In Somalia your clan is your protector, your lineage, your identity, and the basic building bloc of the country's culture.
However, after over thirty years of war and violence countless numbers of Somali children are orphans. It's a status that carries a lot of stigma in a conservative society with strong clan identities.
But there is a space in the country's capital, Mogadishu, that's experimenting with an education model arming them with the skill set that they need to fight the stigma of orphanhood.
The Anatolia Educational Centre is a place where orphans and non orphans are educated together to the highest standards. The project is fully funded by the Turkish NGO IHH, and implemented by the Zamzam Foundation, a well respected Somali NGO and a local partner of IHH.
What struck me when my team and I visited the Anatolia Education Centre is the energy there.

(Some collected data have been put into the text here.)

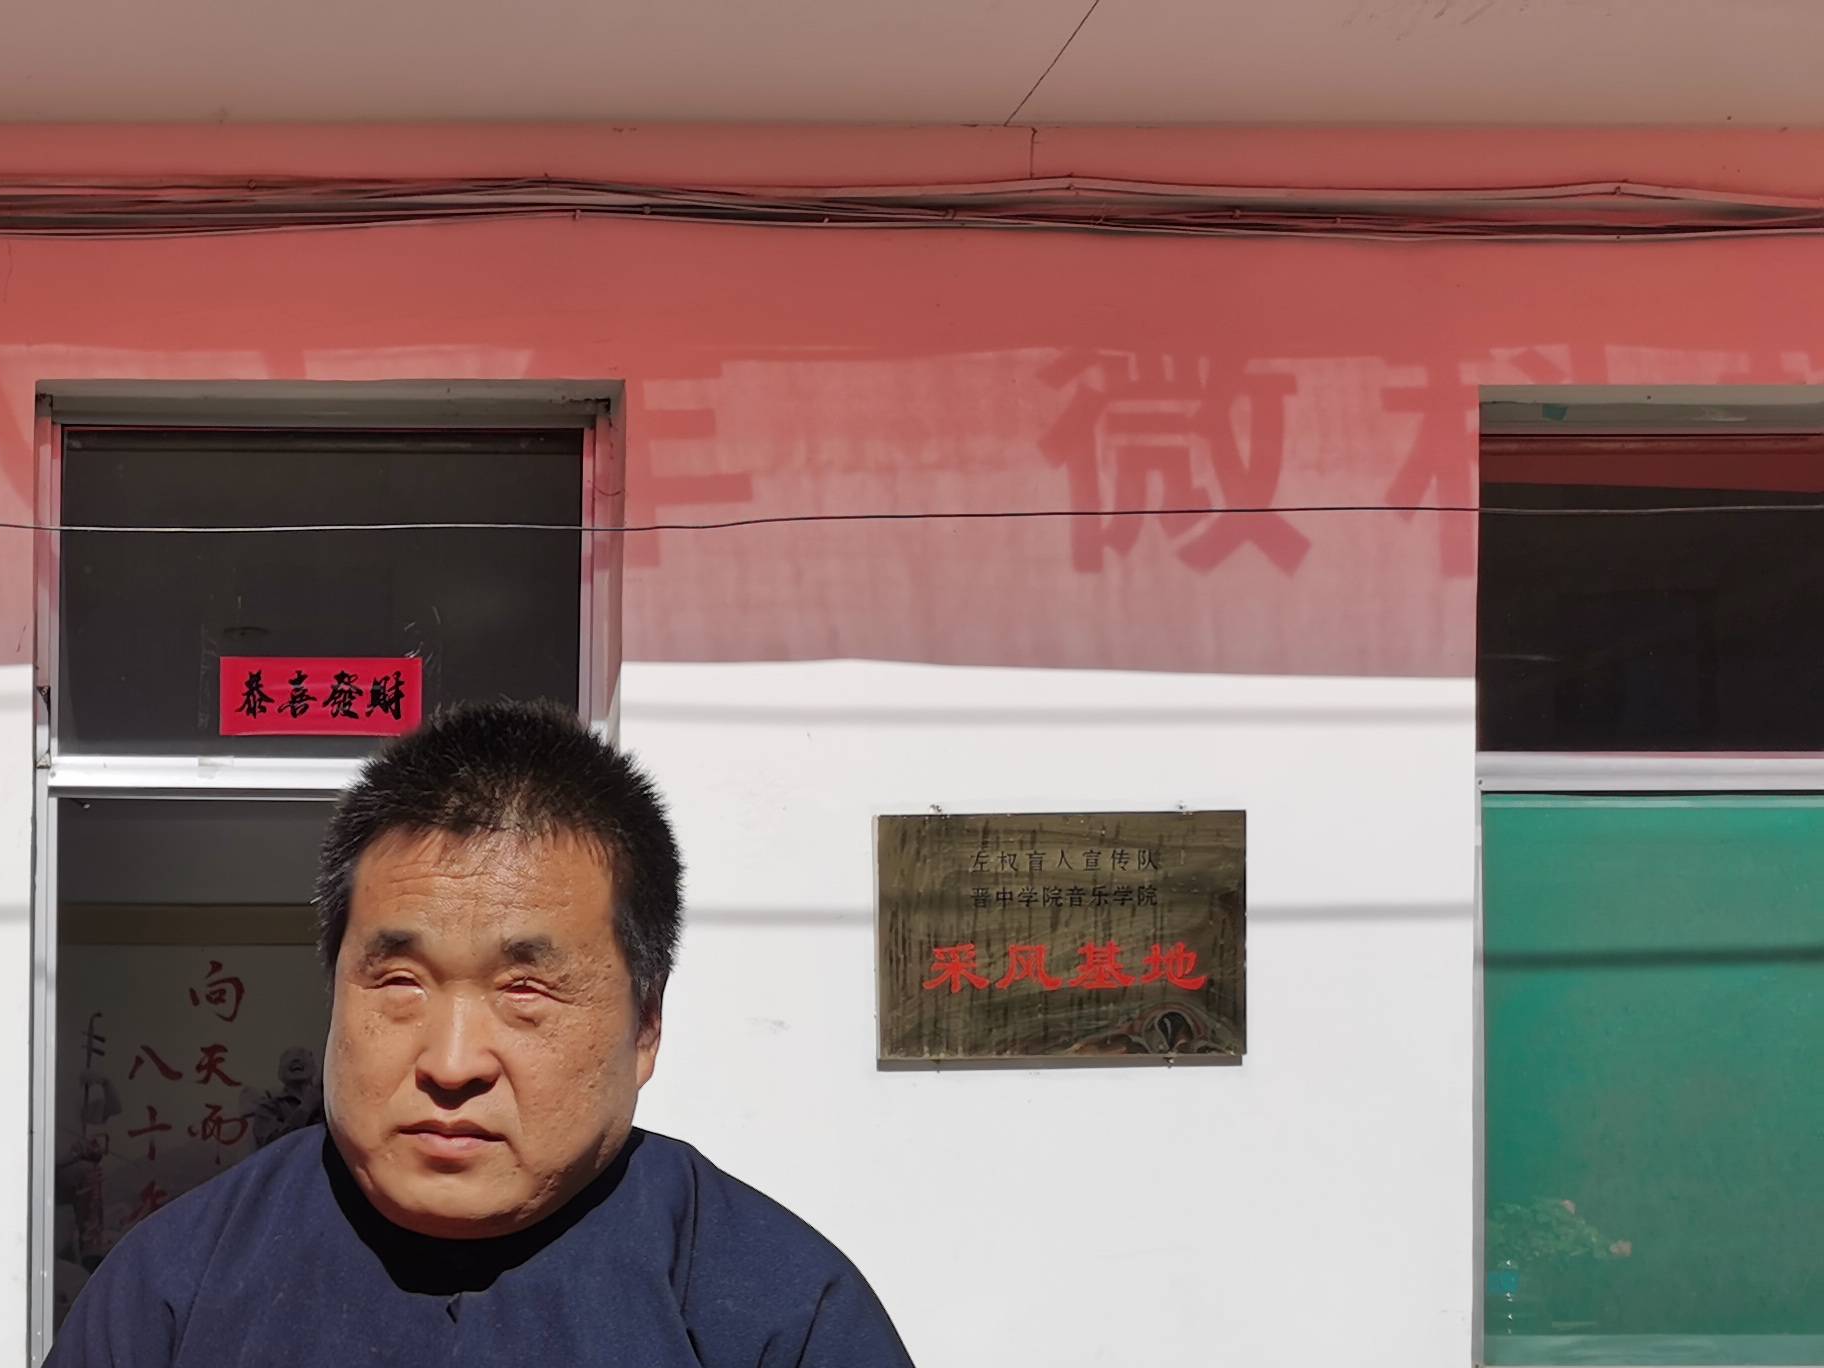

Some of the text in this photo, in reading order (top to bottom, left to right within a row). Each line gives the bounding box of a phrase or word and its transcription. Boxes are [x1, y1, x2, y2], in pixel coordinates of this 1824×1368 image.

[235, 669, 406, 721] 恭喜發財
[969, 849, 1159, 873] 左权盲人宣传队
[970, 885, 1158, 908] 晋中学院音乐学院
[922, 940, 1207, 993] 采风基地
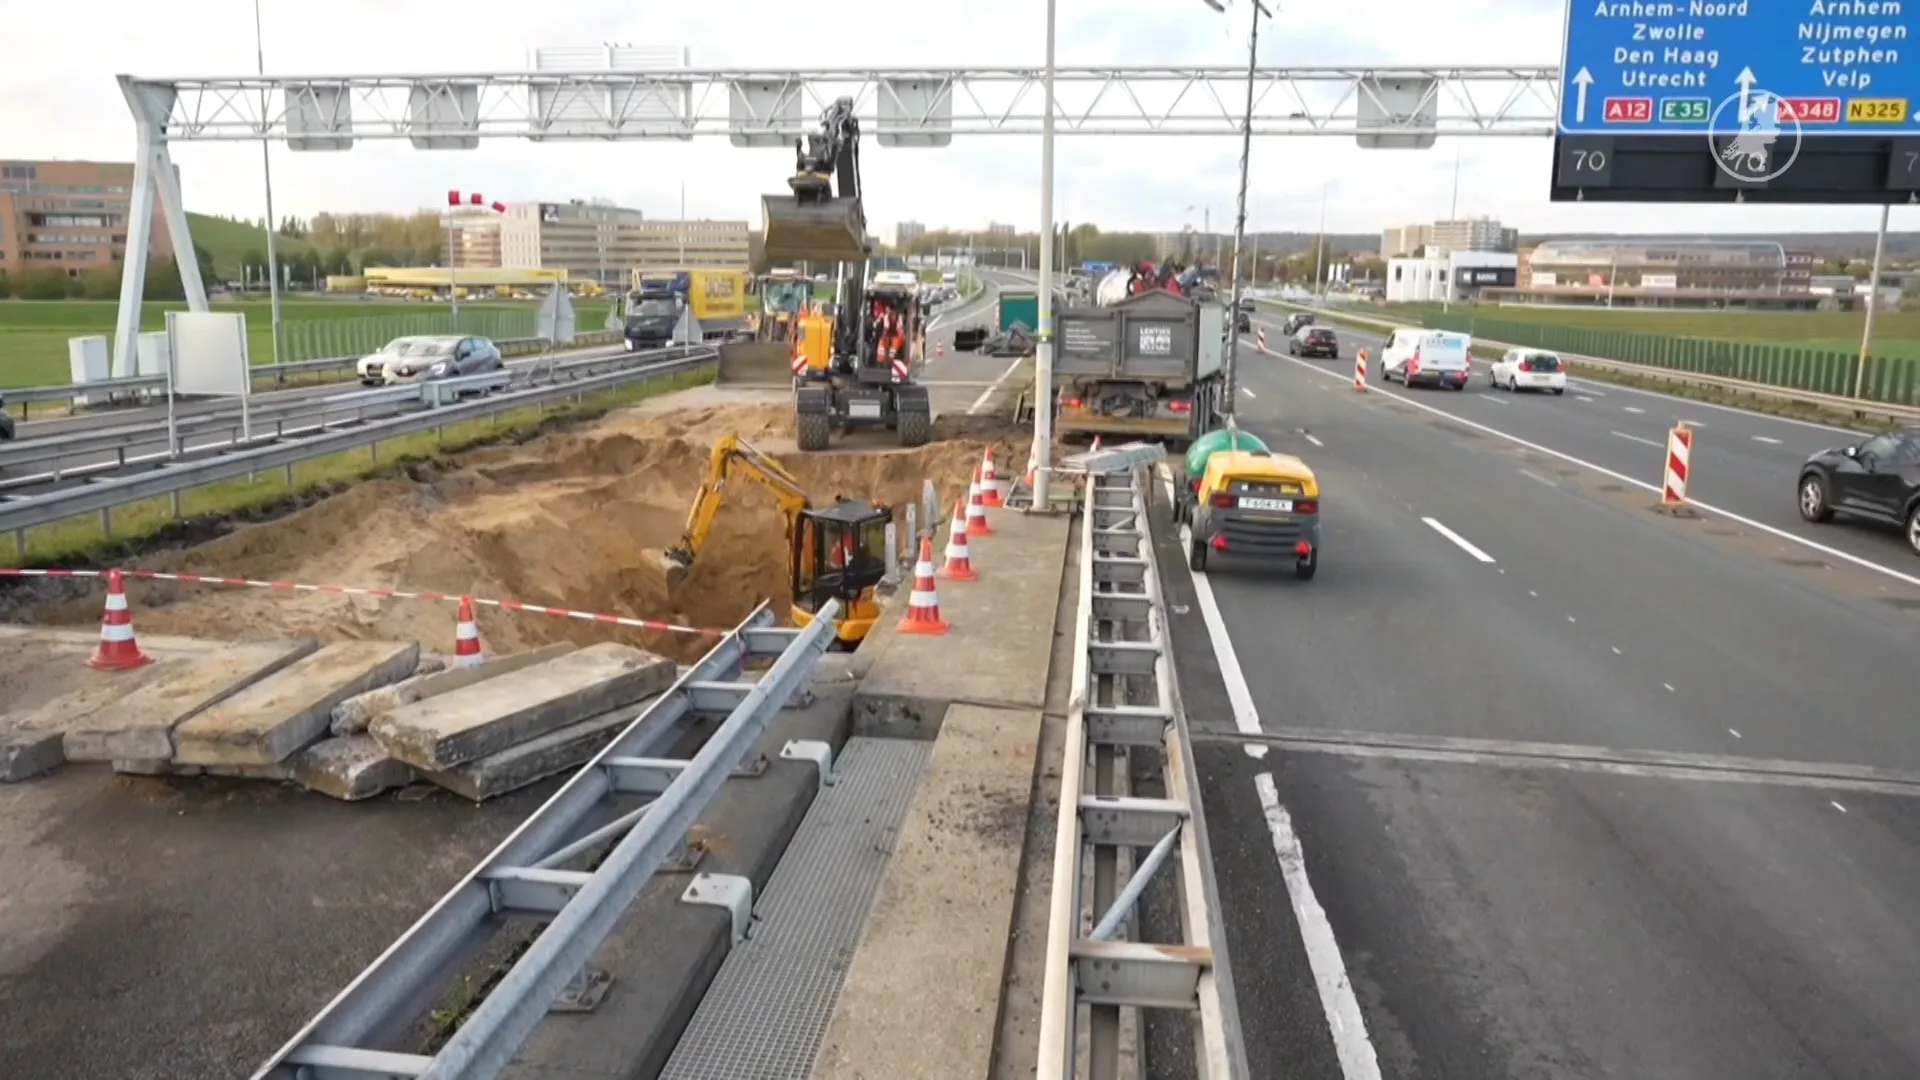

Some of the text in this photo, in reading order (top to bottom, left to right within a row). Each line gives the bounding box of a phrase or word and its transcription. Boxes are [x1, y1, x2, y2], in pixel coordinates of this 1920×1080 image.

[1809, 0, 1901, 16] Arnhem
[1632, 23, 1705, 41] Zwolle
[1798, 22, 1907, 45] Nijmegen
[1614, 47, 1719, 68] Den Haag
[1801, 46, 1899, 66] Zutphen
[1622, 69, 1707, 87] Utrecht
[1822, 69, 1872, 90] Velp
[1572, 150, 1606, 171] 70
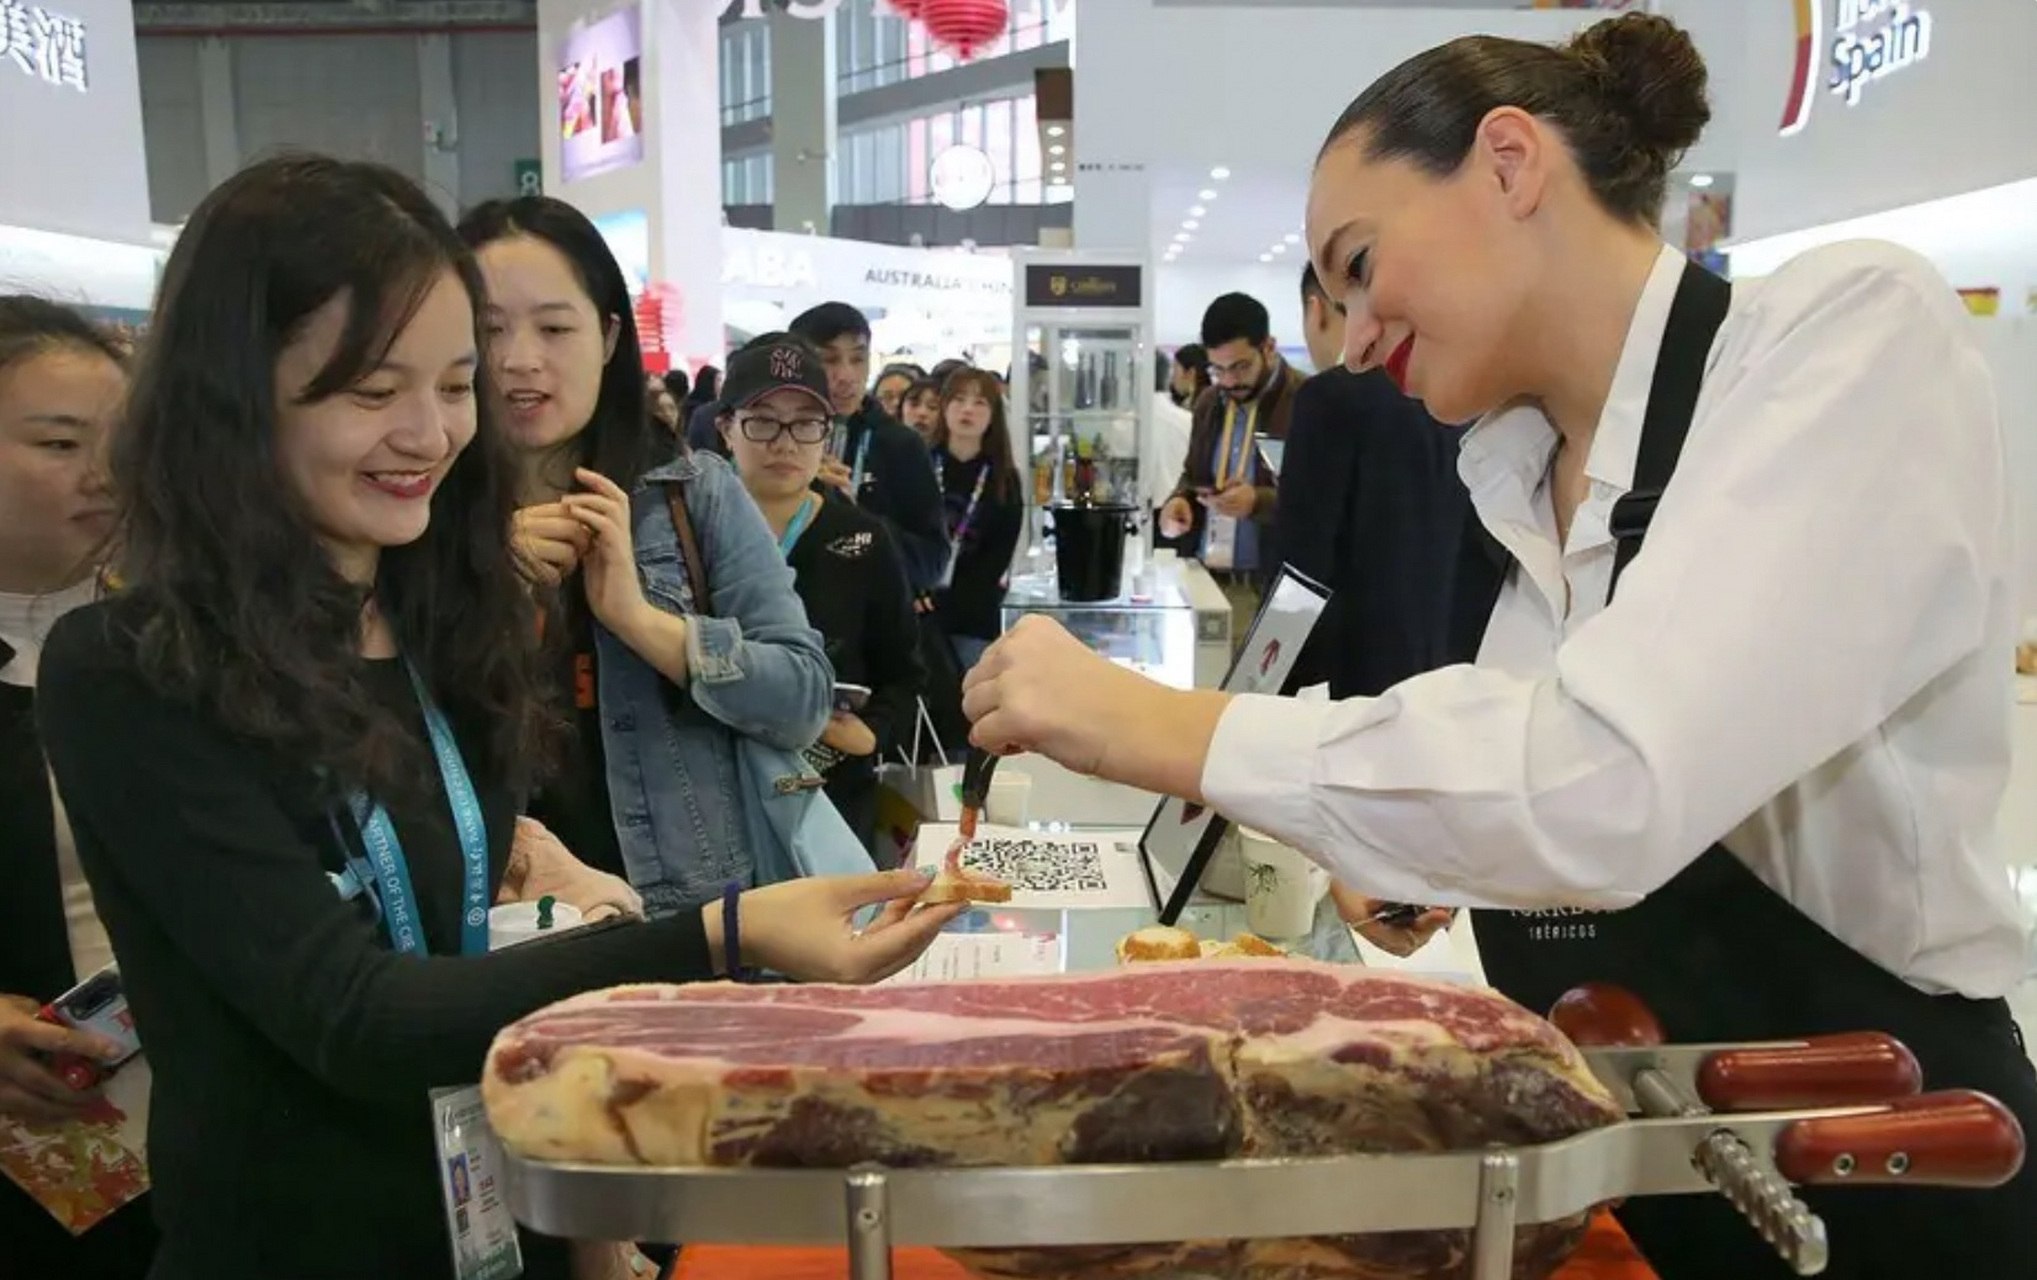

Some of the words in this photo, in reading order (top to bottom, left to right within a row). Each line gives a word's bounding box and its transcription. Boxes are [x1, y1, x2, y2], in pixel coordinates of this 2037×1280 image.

[1828, 11, 1930, 105] Spain
[865, 268, 961, 289] AUSTRALIA
[368, 818, 396, 876] ARTNER
[386, 877, 402, 895] OF
[392, 896, 409, 925] THE
[1528, 923, 1597, 940] IBÉRICOS

I was greeted by Mr Abdilkadir Hirabe, the Centre's director general and a former Zamzam staff member. A jovial man, he was clearly proud of what they've achieved.
All the children are admitted based on how well they do on tests, he told me. The students are taught in four languages: Somali, Turkish, Arabic and English. Simply commanding these four languages will give the children a head start over others.
And with this high standard of education comes ambition. We met orphans who want to become doctors, engineers and teachers when they grow up. They dream big. My hope for them is that the new Somalia will be able to accommodate their big dreams.